The aircraft, EA-18G Growler BUNO 168273 has only 1640 flight hours on the airframe so it has a lot of life left in service to the country.
Taken on Feb. 19, 2021, the interesting photos in this post show “Viking 515,” EA-18G BUNO 168273 returned to Naval Air Station Whidbey Island (NASWI) via truck to be repaired.
As explained on Commander, Electronic Attack Wing, U.S. Pacific Fleet Facebook Page, while assigned to VAQ-136, the aircraft was involved in a mid-air collision on Sep. 14, 2017 and safely recovered at NAS Fallon, NV. The aircraft went through numerous damage assessments and engineering quarries to determine if the aircraft could be fixed and if so, could the life of the airframe be preserved.
In 2019 it was determined that the aircraft could be repaired by replacing the Y-128 former forward of the cockpit and be able to retain its life expectancy. This type of repair had never been done before so, the repair was performed on a strike aircraft at Fleet Readiness Center Southwest to detail the repair steps, determine equipment requirements and the proof of concept for the repair. It was then determined that no major teardown of the aircraft would be needed requiring new jig development or special repair facilities.
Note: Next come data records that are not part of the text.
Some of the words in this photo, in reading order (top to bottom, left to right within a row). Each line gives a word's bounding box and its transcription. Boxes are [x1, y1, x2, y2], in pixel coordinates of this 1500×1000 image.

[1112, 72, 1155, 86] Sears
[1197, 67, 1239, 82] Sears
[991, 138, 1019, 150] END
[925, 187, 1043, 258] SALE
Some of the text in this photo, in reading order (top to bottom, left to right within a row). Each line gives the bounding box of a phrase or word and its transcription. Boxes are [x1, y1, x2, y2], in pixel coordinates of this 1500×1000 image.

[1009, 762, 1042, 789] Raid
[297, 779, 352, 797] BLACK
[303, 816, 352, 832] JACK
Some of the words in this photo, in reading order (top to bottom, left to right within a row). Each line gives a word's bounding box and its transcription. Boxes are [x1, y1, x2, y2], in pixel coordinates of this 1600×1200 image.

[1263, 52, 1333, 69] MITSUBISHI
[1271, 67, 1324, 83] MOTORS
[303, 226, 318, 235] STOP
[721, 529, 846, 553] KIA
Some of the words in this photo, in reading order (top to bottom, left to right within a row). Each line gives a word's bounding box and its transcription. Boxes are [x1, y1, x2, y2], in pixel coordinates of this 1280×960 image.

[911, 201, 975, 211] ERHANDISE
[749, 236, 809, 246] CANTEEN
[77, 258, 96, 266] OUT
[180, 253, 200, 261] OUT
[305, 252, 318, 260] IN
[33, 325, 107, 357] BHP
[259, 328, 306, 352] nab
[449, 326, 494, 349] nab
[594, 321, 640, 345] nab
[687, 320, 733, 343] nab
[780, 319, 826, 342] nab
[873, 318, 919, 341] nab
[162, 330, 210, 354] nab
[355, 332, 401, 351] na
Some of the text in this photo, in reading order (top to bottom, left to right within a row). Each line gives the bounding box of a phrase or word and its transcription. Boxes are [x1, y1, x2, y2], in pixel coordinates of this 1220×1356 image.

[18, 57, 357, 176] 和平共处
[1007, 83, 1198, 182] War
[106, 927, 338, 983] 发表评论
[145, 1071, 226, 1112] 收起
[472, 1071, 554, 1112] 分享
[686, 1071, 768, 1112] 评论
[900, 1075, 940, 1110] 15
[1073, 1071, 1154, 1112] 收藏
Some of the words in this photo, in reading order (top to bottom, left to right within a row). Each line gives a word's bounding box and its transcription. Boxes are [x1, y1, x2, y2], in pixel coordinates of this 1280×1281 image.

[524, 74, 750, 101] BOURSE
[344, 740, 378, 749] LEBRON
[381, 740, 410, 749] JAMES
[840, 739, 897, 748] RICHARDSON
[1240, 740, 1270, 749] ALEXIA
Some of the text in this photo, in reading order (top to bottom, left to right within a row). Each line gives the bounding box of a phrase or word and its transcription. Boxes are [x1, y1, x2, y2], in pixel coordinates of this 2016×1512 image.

In late 2020, leadership decided to ship the aircraft to NASWI for repair by the depot artisans at Fleet Readiness Center Northwest. A team from VAQ-129 went to NAS Fallon to begin the preparation work. A depot team at NAS Fallon began aircraft final preparations in December for overland shipment that involved wing removal, flight control surface removal, and other aircraft configuration requirements.
The aircraft left NAS Fallon on the afternoon of Feb. 16, 2021 on a flatbed semi-truck arriving at NAS Whidbey Island at approximately 1100 on Friday, Feb.19, 2021. The aircraft was craned off onto bucks, landing gear lowered, and tires reinstalled before being lowered to the ground.
The Y-128 former must now be milled and installed. It is expected to take 8 – 12 months to make repairs barring any significant delays.
The aircraft has only 1640 flight hours on the airframe so it has a lot of life left in service to the country.
The EA-18G Growler is the most advanced airborne electronic attack (AEA) platform and is the only one in production today. A variant of the combat-proven F/A-18F Super Hornet, the Growler provides tactical jamming and electronic protection to US military forces and allies around the world. Industry and the US Navy continue to invest in advanced Growler capabilities to ensure it continues to protect all strike aircraft during high-threat missions for decades to come.